Respondent’s Submissions 10. The Respondent urged the Court to dismiss the appeal with costs and reiterated the submissions he had made before the Magistrate’s Court. He maintained that the Magistrate’s decision was sound, having been rightfully based on the evidence and materials presented. He submitted that the termination of his employment was unfair, as he was not afforded a fair hearing and the reasons for his dismissal were not valid. In support of his position, he relied on sections 43, 45, 46, 49, and 50 of the Employment Act. Additionally, the Respondent submitted that following his dismissal, the Appellant failed to pay him all the benefits and monies owed, contrary to section 18(4) of the Employment Act. He further asserted that the Appellant failed to submit a report to the Labour Officer as required under section 18(5)(b) of the same Act. With regard to the reliefs sought, the Respondent urged the Court to grant the remedies as prayed in the memorandum of claim, having demonstrated that his termination was unfair. Specifically, he submitted that he was entitled to general damages equivalent to 12 months’ salary, in accordance with sections 49 and 50 of the Employment Act. On the issue of leave, he asserted that it was a statutory entitlement under both his employment contract and the Employment Act. As for house allowance, gratuity, and salary in lieu of notice, he maintained that these were rightfully due upon dismissal and had not been controverted.

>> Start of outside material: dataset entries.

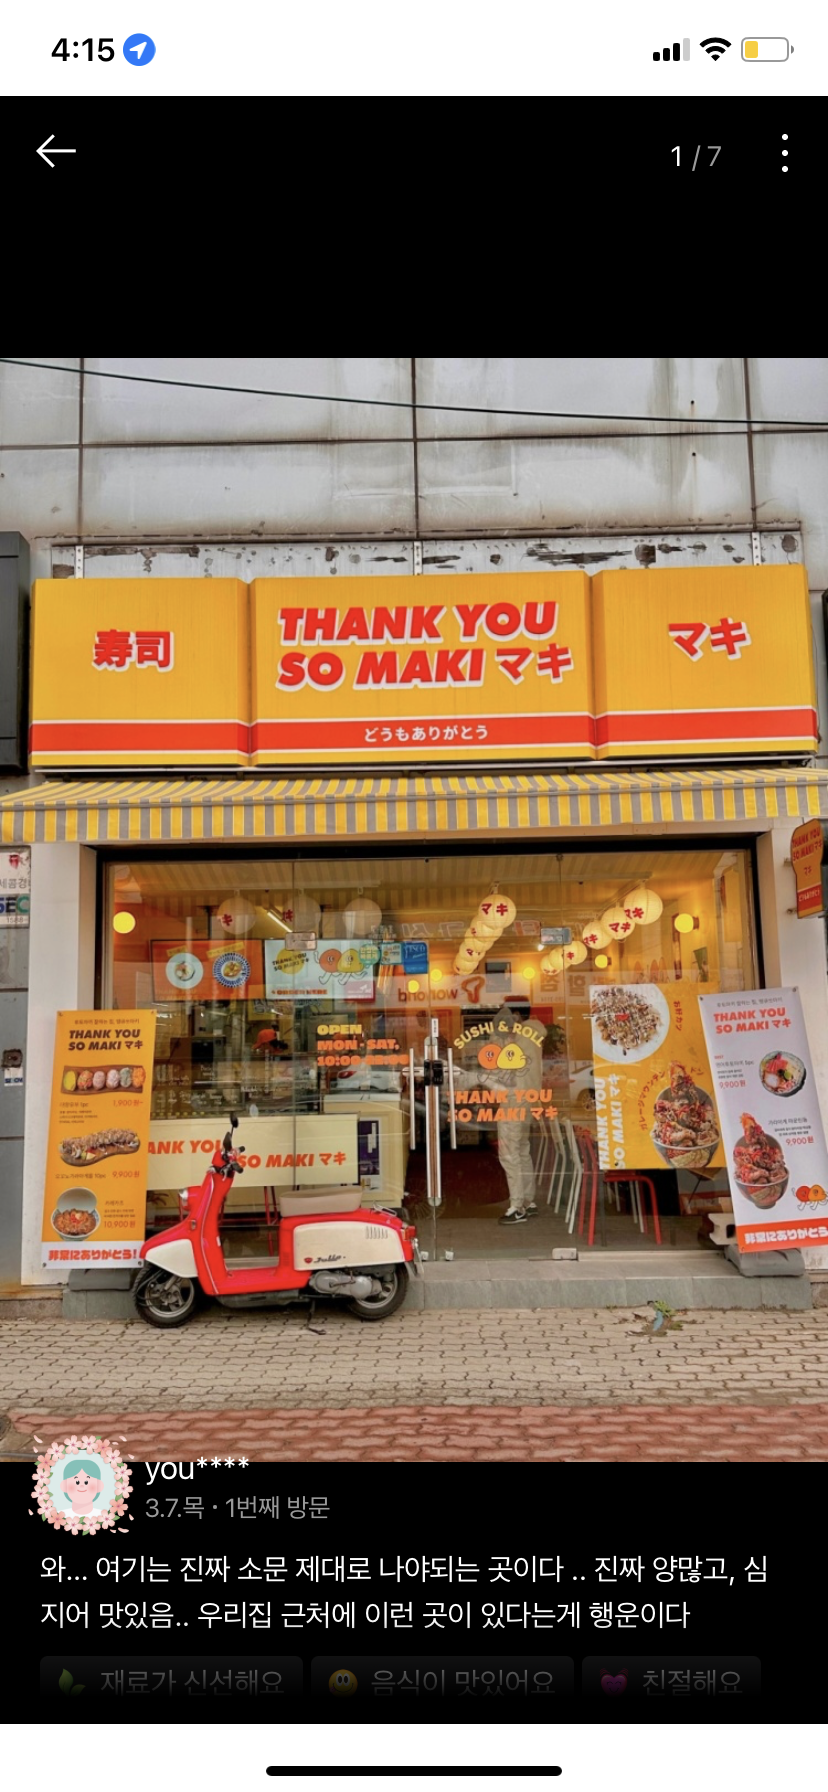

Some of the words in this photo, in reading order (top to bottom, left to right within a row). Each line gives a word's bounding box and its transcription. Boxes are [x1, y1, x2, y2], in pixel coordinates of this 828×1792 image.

[279, 605, 445, 644] THANK
[456, 601, 557, 638] YOU
[668, 617, 749, 658] マキ
[94, 629, 172, 668] 寿司
[277, 651, 343, 688] SO
[355, 648, 485, 687] MAKI
[495, 643, 573, 680] マキ
[363, 724, 489, 743] どうもありがとう
[481, 903, 509, 917] マキ
[608, 921, 632, 933] マキ
[714, 1009, 756, 1023] THANK
[759, 1007, 786, 1018] YOU
[69, 1029, 111, 1039] THANK
[115, 1029, 141, 1038] YOU
[453, 1022, 494, 1050] SUSHI
[497, 1020, 509, 1033] &
[512, 1022, 546, 1048] ROLL
[715, 1024, 733, 1035] SO
[736, 1020, 769, 1033] MAKI
[772, 1018, 791, 1029] マキ
[68, 1041, 85, 1051] SO
[88, 1041, 122, 1051] MAKI
[124, 1039, 143, 1050] マキ
[317, 1039, 358, 1051] MON
[366, 1038, 400, 1051] SAT,
[593, 1078, 607, 1112] YOU
[607, 1073, 621, 1098] マキ
[514, 1088, 553, 1103] YOU
[477, 1108, 526, 1122] MAKI
[530, 1105, 558, 1121] マキ
[609, 1101, 624, 1144] MAKI
[597, 1115, 611, 1170] THANK
[237, 1154, 261, 1169] SO
[265, 1153, 315, 1168] MAKI
[319, 1151, 347, 1166] マキ
[612, 1147, 626, 1170] SO
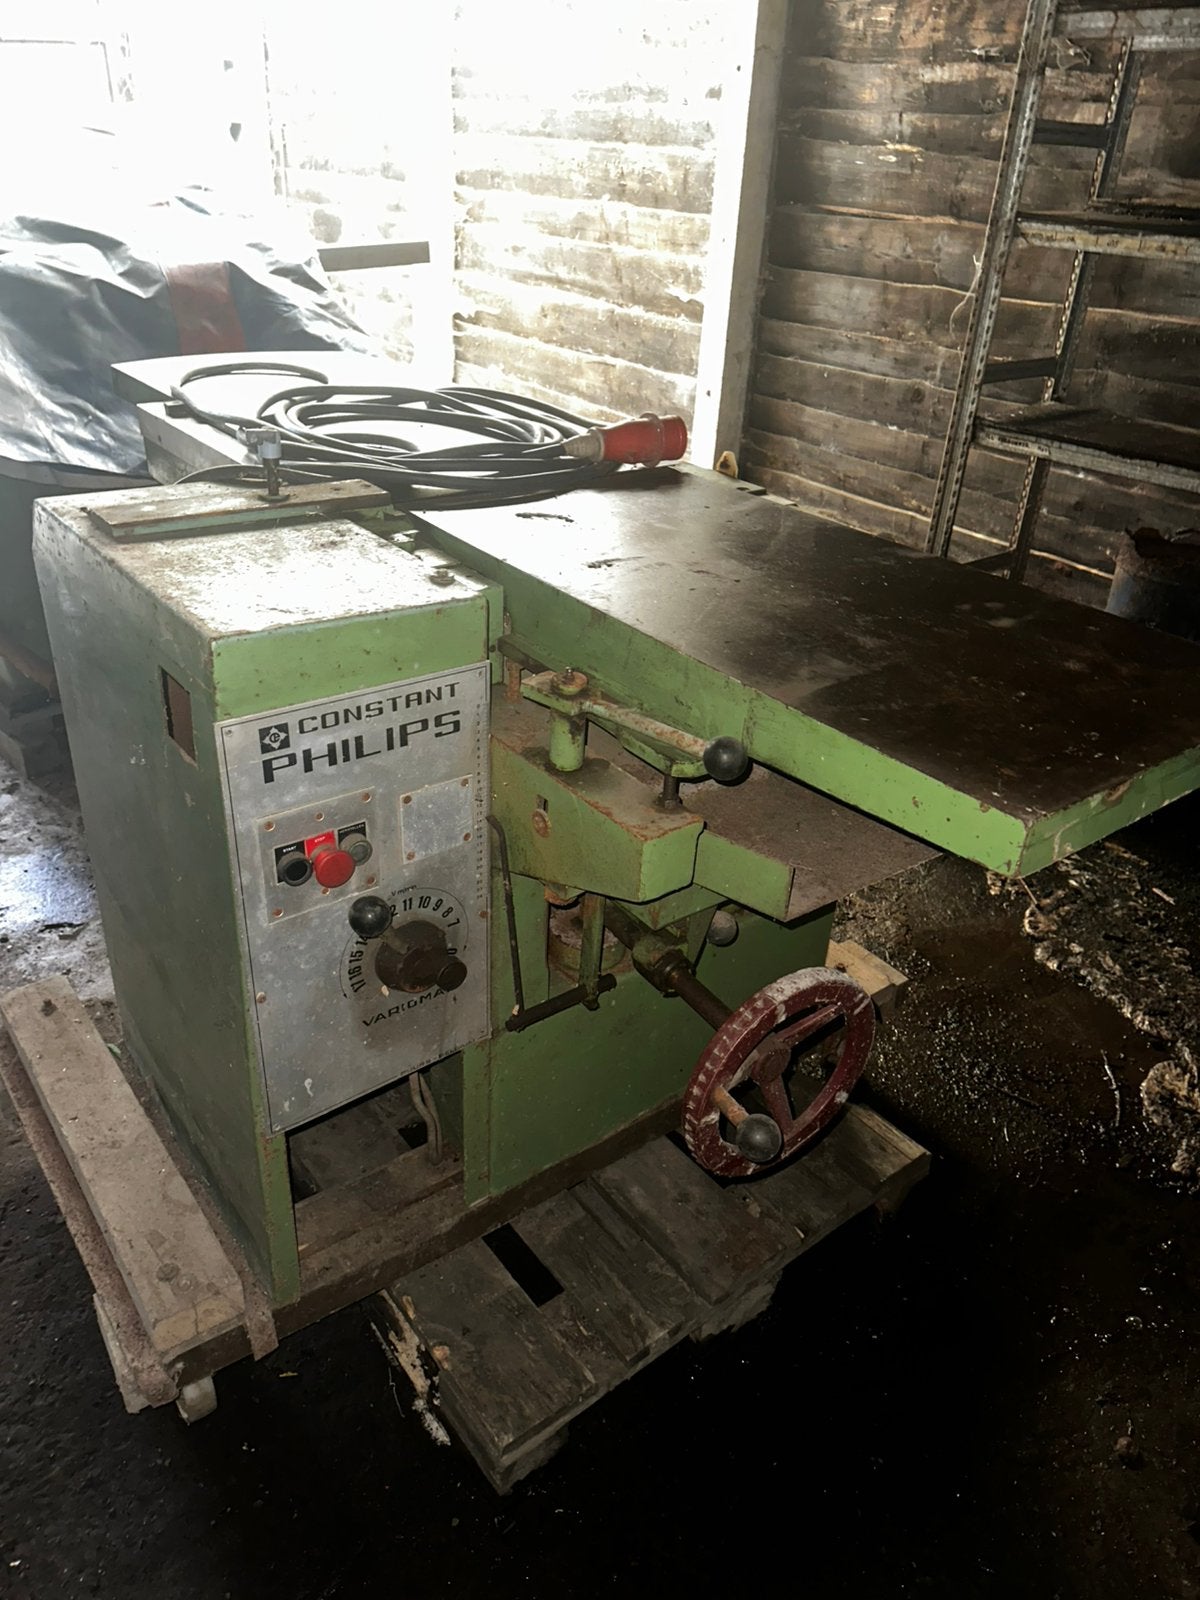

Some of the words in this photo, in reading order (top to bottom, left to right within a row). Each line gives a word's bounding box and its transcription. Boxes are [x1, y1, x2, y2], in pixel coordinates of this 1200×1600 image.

[298, 682, 460, 734] CONSTANT
[261, 710, 461, 784] PHILIPS
[402, 897, 413, 911] 11
[417, 895, 432, 909] 10
[432, 898, 443, 911] 9
[441, 906, 454, 918] 8
[447, 917, 460, 928] 7
[349, 950, 364, 963] 15
[348, 965, 362, 980] 16
[362, 988, 447, 1027] VARIOMA

Disposition 11. This being a first appeal to the Court, it is in essence an appeal on both facts and the law. As the first appellate court, I am duty bound to revisit and exhaustively re-evaluate and reexamine the evidence presented before the trial court to arrive at my own independent conclusions all the while bearing in mind that unlike the Learned Magistrate, I did not have the advantage of seeing and hearing the witnesses testify and give due allowance for that disadvantage. The Court therefore has extensively reviewed the trial bundle as contained in the record of appeal.
12. The Learned Magistrate awarded Kshs. 314,456/- for accrued leave covering a 23-year period, Kshs. 217,710/- as service pay, Kshs. 1,741,582. 08 for unpaid overtime and Kshs. 580,560. 48 for off days worked. In order to cast the award of leave dues in the light of the law, one has to consider section 90 of the Employment Act. The Respondent was entitled to annual leave but any such claims for leave would have to be presented to Court within 3 years of the deprivation of leave as any claim beyond 3 years would be statute barred. The same applies to overtime and off days. As such, the awards made covering extensive periods of time beyond what is permissible in law is erroneous and one which this Court must reverse. The claim for service pay is incapable of being awarded as section 35 of the Employment Act bars the Respondent who is a member of NSSF from such an award. The award of Kshs. 217,710/- as service pay is reversed in its entirety.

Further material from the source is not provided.